We saw that staff had received supervision in their job role but found this supervision was not always supportive as staff concerns had not always been responded to. There was evidence that the skills and abilities of staff were appraised but we found the appraisal process to be generic and not centred on the individual. Staff training was not up to date and some staff lacked sufficient training to enable the provider to be assured they could do their job role effectively.

We saw that there were a significant number of concerns raised by people’s relatives about people’s personal belongings not being returned when the person returned home. We found little evidence that these concerns had been addressed and little evidence that the provider had a system in place to ensure people’s personal belongings were secure. This did not indicate that people’s personal belongings were treated with respect.

People told us that the majority of staff treated them well. Most of the staff we observed supported people in a kind, caring and patient manner. We saw that most staff were person centred in their interactions with people and ensured people’s choice was promoted in the day to day delivery of care. Some of the agency staff we observed although kind and attentive when people required support sometimes failed to interact with the person they were supporting in any meaningful way.

People told us the food was good and that they got enough to eat and drink. During our visit, we saw that people’s meals were provided in a person centred way. For instance, at a time when the person wanted their meal, as opposed to set mealtimes and people had unlimited access to drinks as and when they required them.

Some of the people who stayed at the centre, attended a day centre, a separate service, located on the ground floor of the same building. The acting manager told us the day centre provided a range of activities. We found however that if people did not want to attend or were unable to attend the day centre, there were no alternative activities or outings organised by the provider for them to participate in during their stay. This did not indicate that people’s social and emotional needs were assessed, planned for and met by the provider.

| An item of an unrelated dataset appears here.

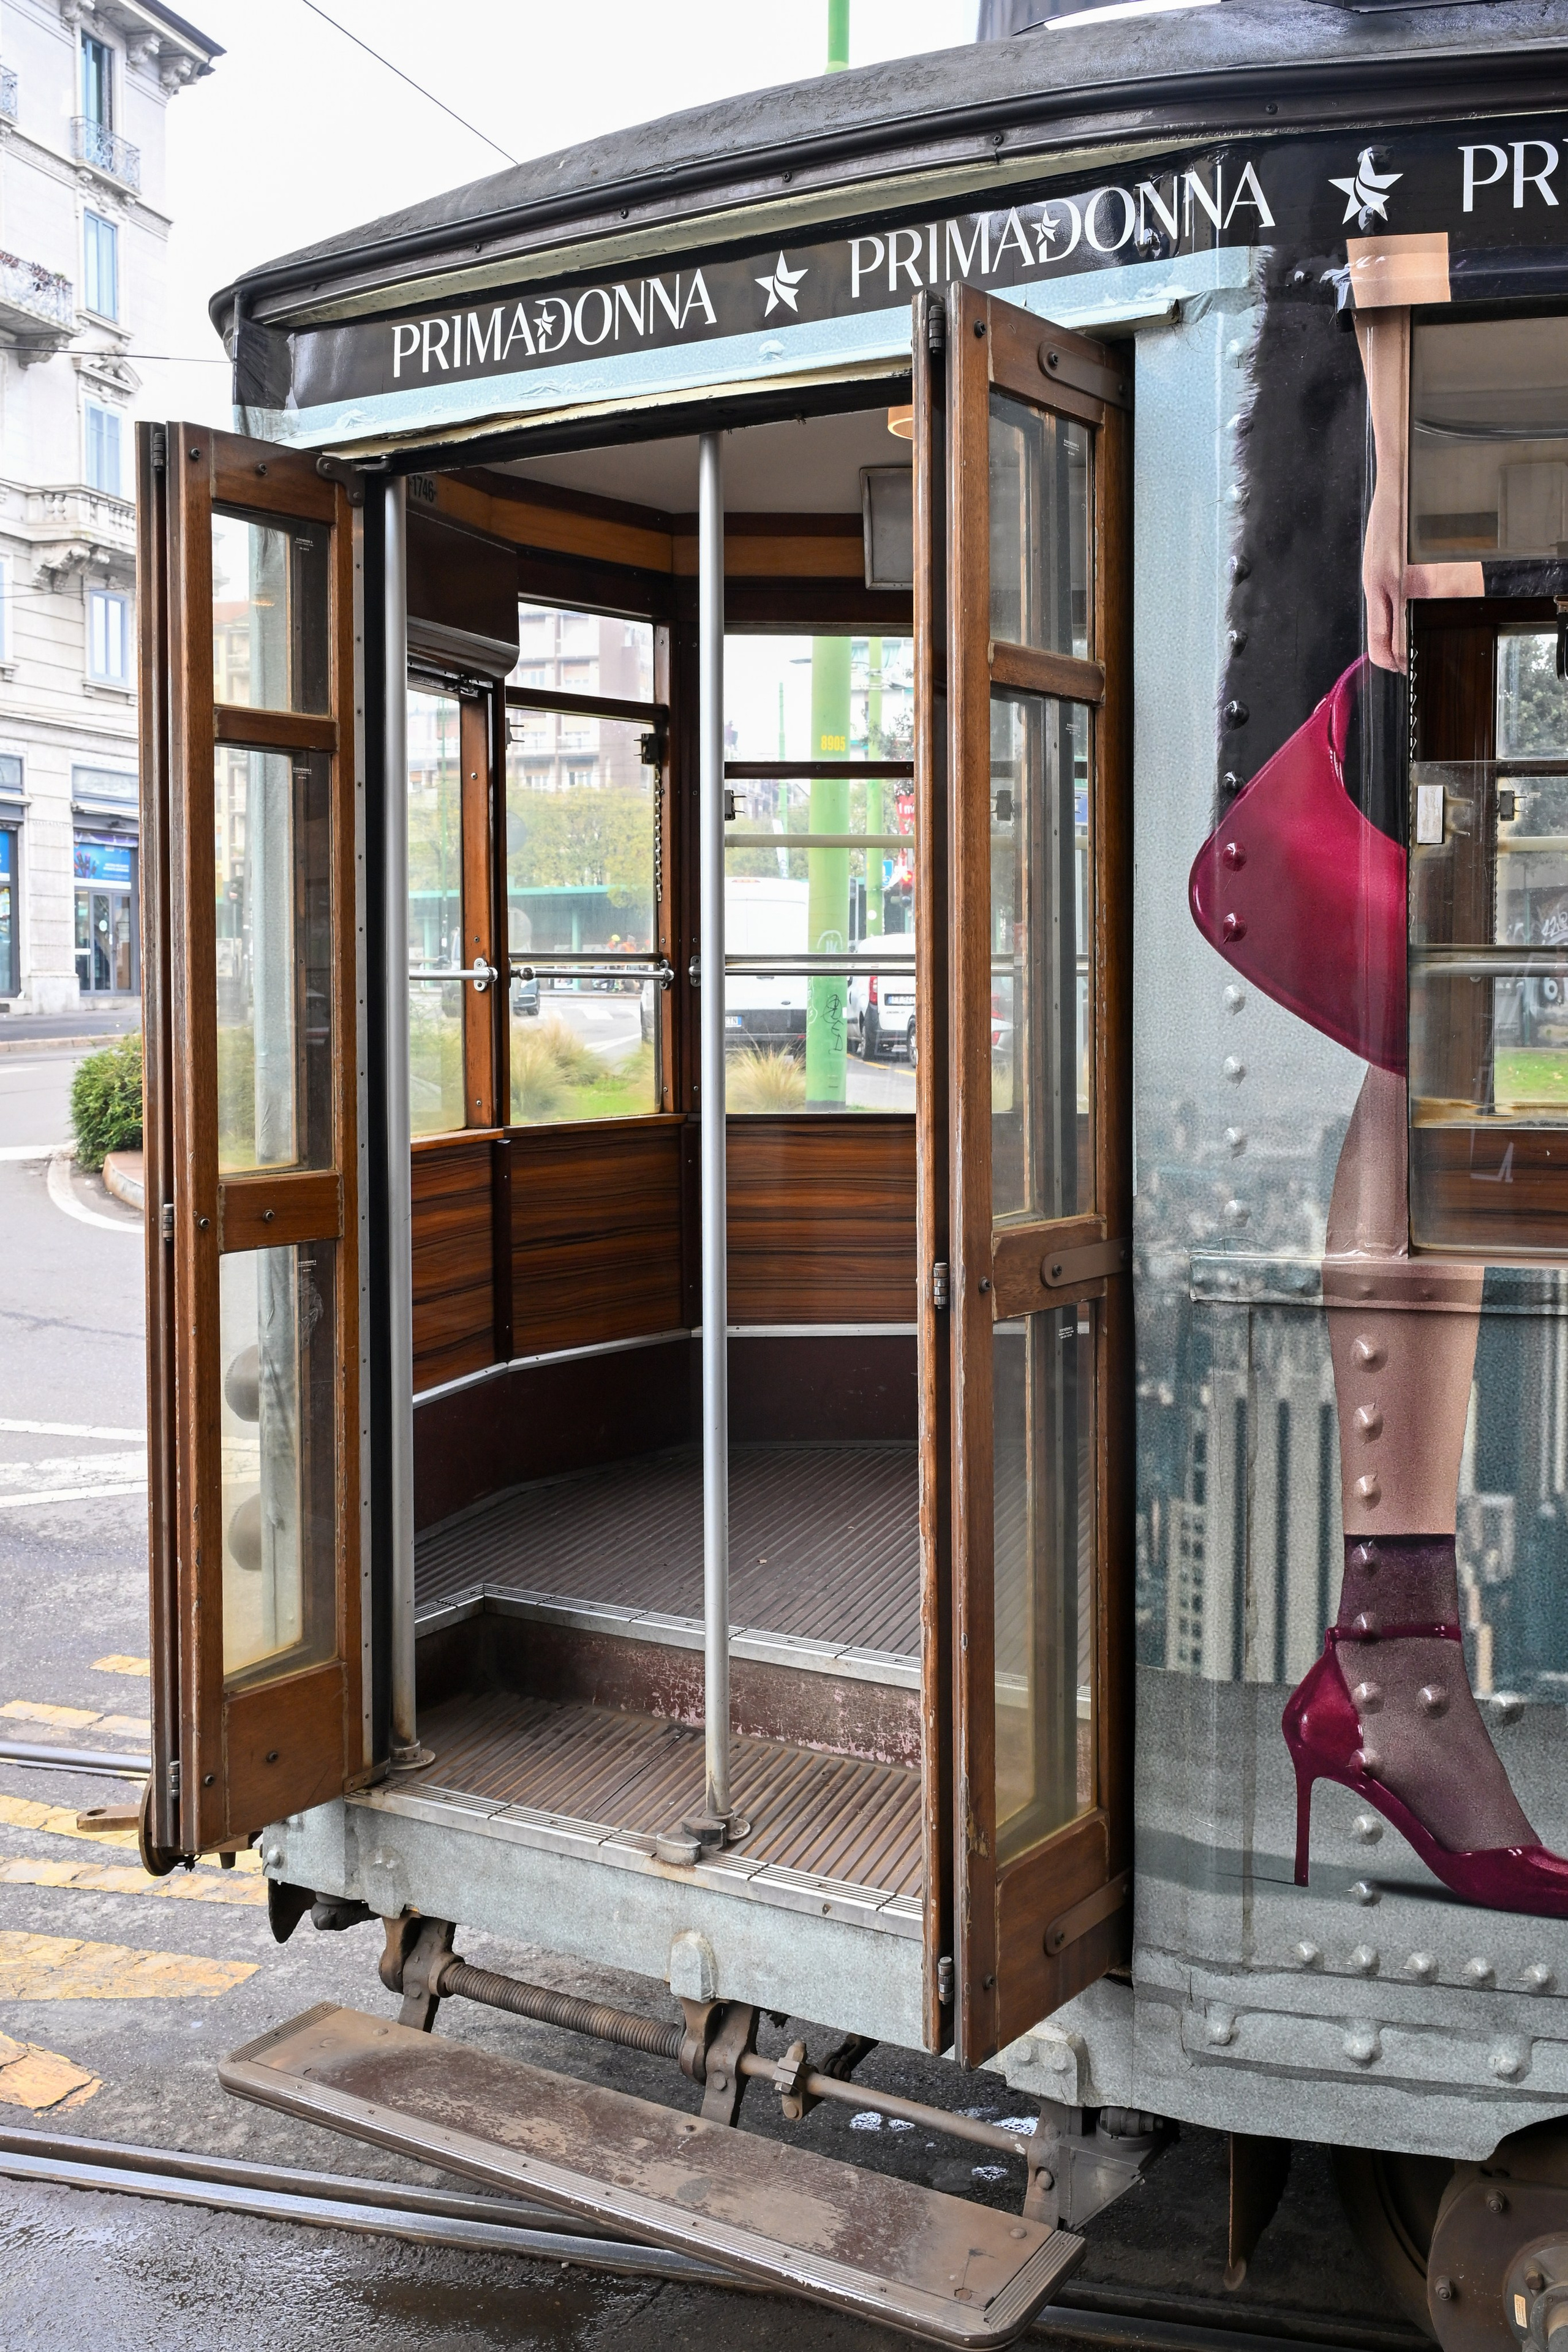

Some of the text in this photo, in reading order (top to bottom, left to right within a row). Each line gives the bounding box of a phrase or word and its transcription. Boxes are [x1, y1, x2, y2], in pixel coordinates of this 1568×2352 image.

This service was not well-led. The service lacked adequate local management and governance arrangements. The system in place were centralised to the Local Authority and did not enable local intelligence to be analysed and monitored by the service itself so that service specific improvements could be made. There were no local audits in place to assess, monitor and mitigate risks in relation to people’s care, accident and incidents, safeguarding, medication, staffing and staff support or people’s views and opinions on the service provided. This meant that the concerns we identified during our visit had not been identified or addressed.

At the end of our inspection, we discussed the concerns we identified during the inspection with the acting manager and other senior managers from the Local Authority. They accepted the concerns we had raised with regards to the service. We also raised concerns about their failure to consistently notify the Commission of notifiable incidents.